An estimated 3.5 billion cups of coffee are consumed worldwide every day. Climates and growing conditions must be just right to grow the most popular bean in the world. While many of the top coffee-producing nations are well-known, some may come as a surprise.

The coffee tree is a tropical evergreen shrub and grows between the Tropics of Cancer and Capricorn. Around 70 countries produce coffee, with the overwhelming majority of the supply coming from the developing countries of Brazil, Vietnam, Colombia, Indonesia and Ethiopia.

1. Brazil

The production of coffee has played a pivotal role in the ongoing development of Brazil and continues to be the driving force for the country's economy. The plant was first brought to Brazil in the early 18th century by French settlers. With the rise in popularity of coffee among Europeans, Brazil quickly became the world's largest producer in 1840 and has been ever since.

In 2014, Brazil produced a dizzying 2.7 million metric tons of coffee, which was over 30% of the world's production. Some 300,000 plantations are spread over more than 10,000 square miles of the Brazilian landscape.

2. Vietnam

Relatively new to the international coffee trade, Vietnam has quickly become one of the largest producers, second only to Brazil.

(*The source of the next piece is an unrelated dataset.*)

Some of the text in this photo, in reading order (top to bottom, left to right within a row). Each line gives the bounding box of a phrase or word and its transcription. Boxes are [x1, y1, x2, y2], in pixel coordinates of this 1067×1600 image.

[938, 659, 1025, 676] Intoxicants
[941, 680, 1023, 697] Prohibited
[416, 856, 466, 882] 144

In the 1980s, the Communist Party bet the future of the nation on coffee, and every year of the 1990s, coffee production increased by 20 to 30%, completely transforming the nation's economy. In 2014, Vietnam produced 1.65 million metric tons of coffee.

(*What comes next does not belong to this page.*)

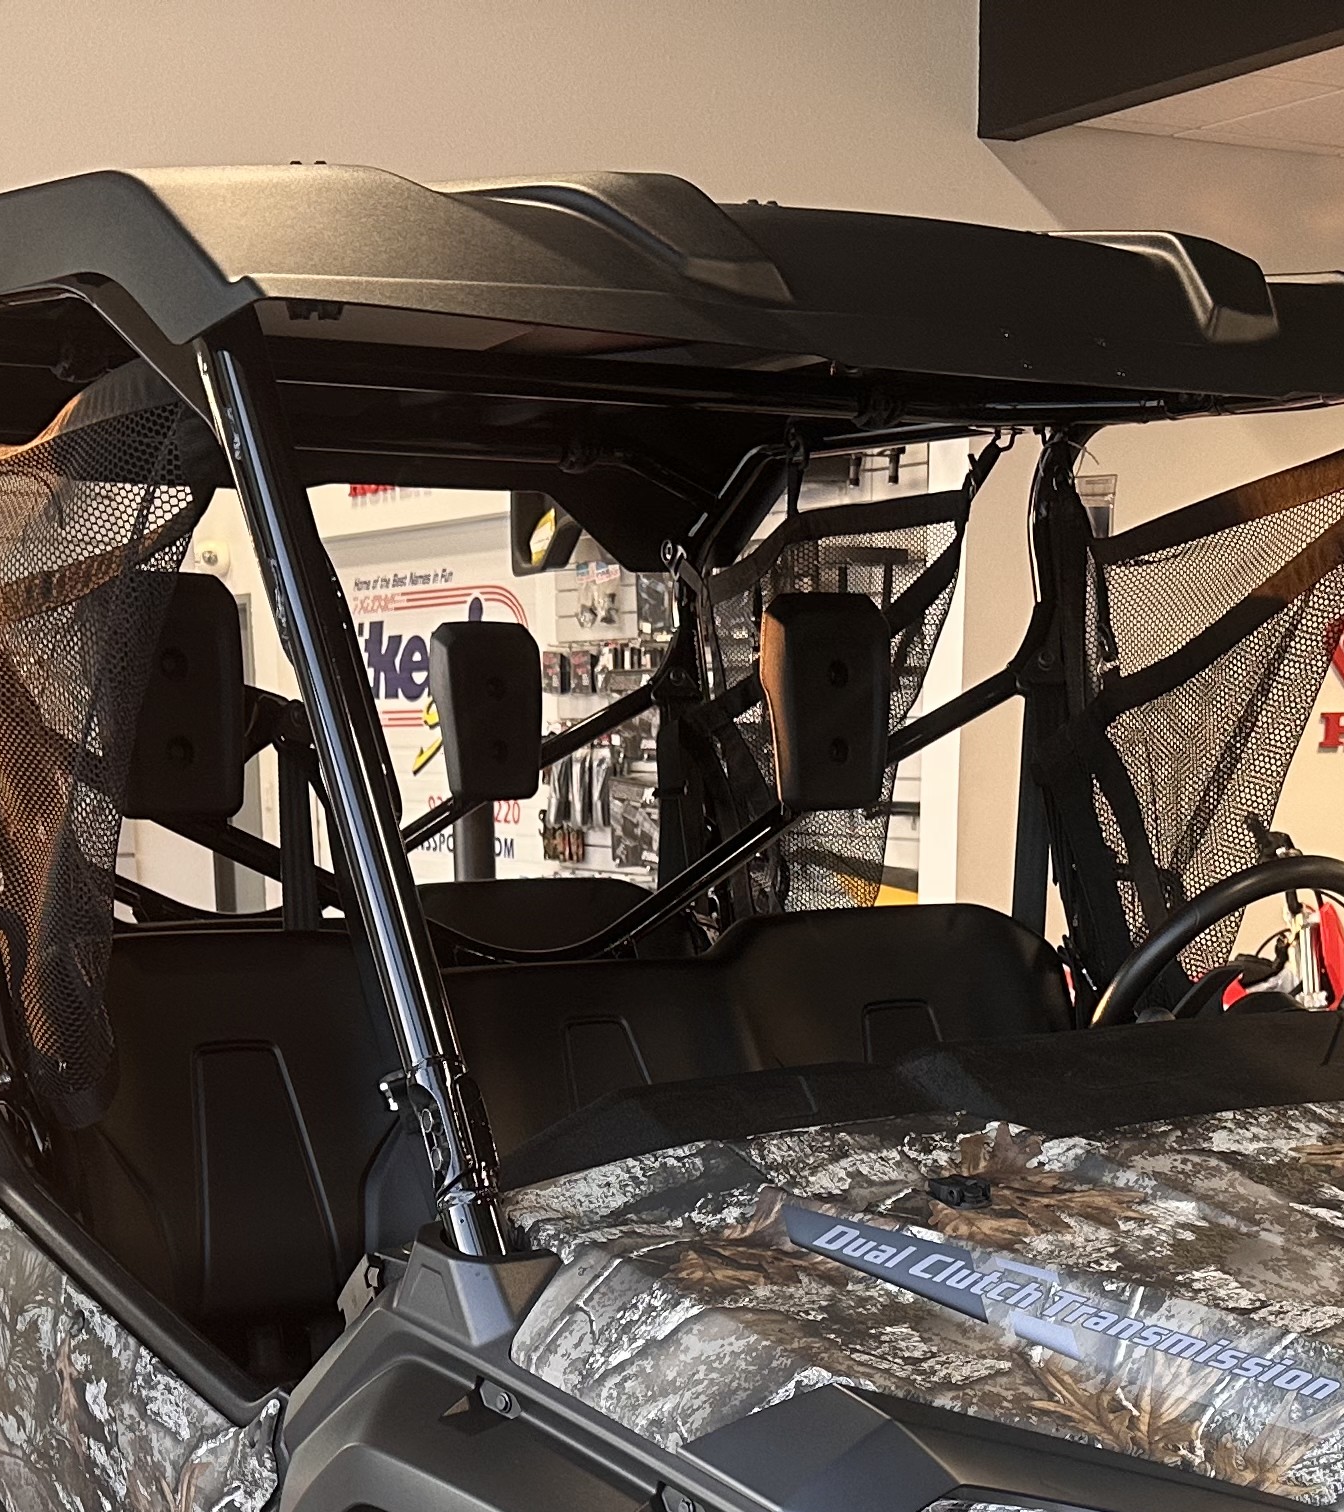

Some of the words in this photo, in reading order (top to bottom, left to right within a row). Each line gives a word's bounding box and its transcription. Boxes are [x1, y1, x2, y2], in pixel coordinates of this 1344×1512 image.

Vietnam found a niche in the international market by focusing primarily on the less-expensive robusta bean. Robusta beans can have up to twice the caffeine as arabica beans, giving coffee a more bitter taste. If you like to save money on your cup of Joe and are just looking for a caffeine jolt, there is a good chance your coffee is from Vietnam.

3. Colombia

A popular advertising campaign by the National Federation of Coffee Growers of Colombia featuring a fictional coffee farmer named Juan Valdez helped brand Colombia as one of the most famous coffee-producing nations. Colombia is renowned for its quality coffee and produced 696,000 metric tons in 2014.

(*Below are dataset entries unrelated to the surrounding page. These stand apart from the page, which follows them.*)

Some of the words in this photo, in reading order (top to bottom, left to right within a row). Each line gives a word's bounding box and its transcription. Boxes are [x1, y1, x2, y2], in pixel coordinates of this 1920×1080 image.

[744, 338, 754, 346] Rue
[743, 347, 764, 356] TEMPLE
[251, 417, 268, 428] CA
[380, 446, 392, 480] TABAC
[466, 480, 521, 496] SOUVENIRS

Some believe fluctuations in climate have negatively impacted the production of Colombian coffee, as temperatures and precipitation amounts increased from 1980 to 2010. Colombia is still the highest-producing nation of arabica beans, and millions worldwide prefer its mild, well-balanced flavor.

4. Indonesia

While not nearly as well-known as other nations for coffee, Indonesia's perfect location and climate have helped it become the second-largest exporter of robusta beans in the world, producing 411,000 metric tons of coffee in 2014. The Indonesian coffee industry is comprised of 1.5 million independent smallholder farms and few large-scale operations.

Indonesia produces several types of highly sought-after specialty coffees, the most interesting of which is Kopi Luwak. Harvested from the feces of Asian palm civets, the beans have a distinctive and understandably unique flavor. The process of collecting and harvesting the beans is rather intensive to say the least, and the result is one of the most expensive coffee beans in the world.

5. Ethiopia

Ethiopia's history with coffee goes all the way back to the very beginning, as the very first arabica coffee plant was found there in the ninth century. According to legend, a goat herder took notice of the plant when he realized the energizing effect it had on his herd.

The plant has since played an integral role in the development of the Ethiopian economy. Ethiopia is the largest coffee producer in Africa and produced 390,000 metric tons of coffee in 2014. Ethiopia’s 1.2 million smallholder farmers contribute over 90% of production, and an estimated 15 million Ethiopians depend on the coffee industry for their livelihood.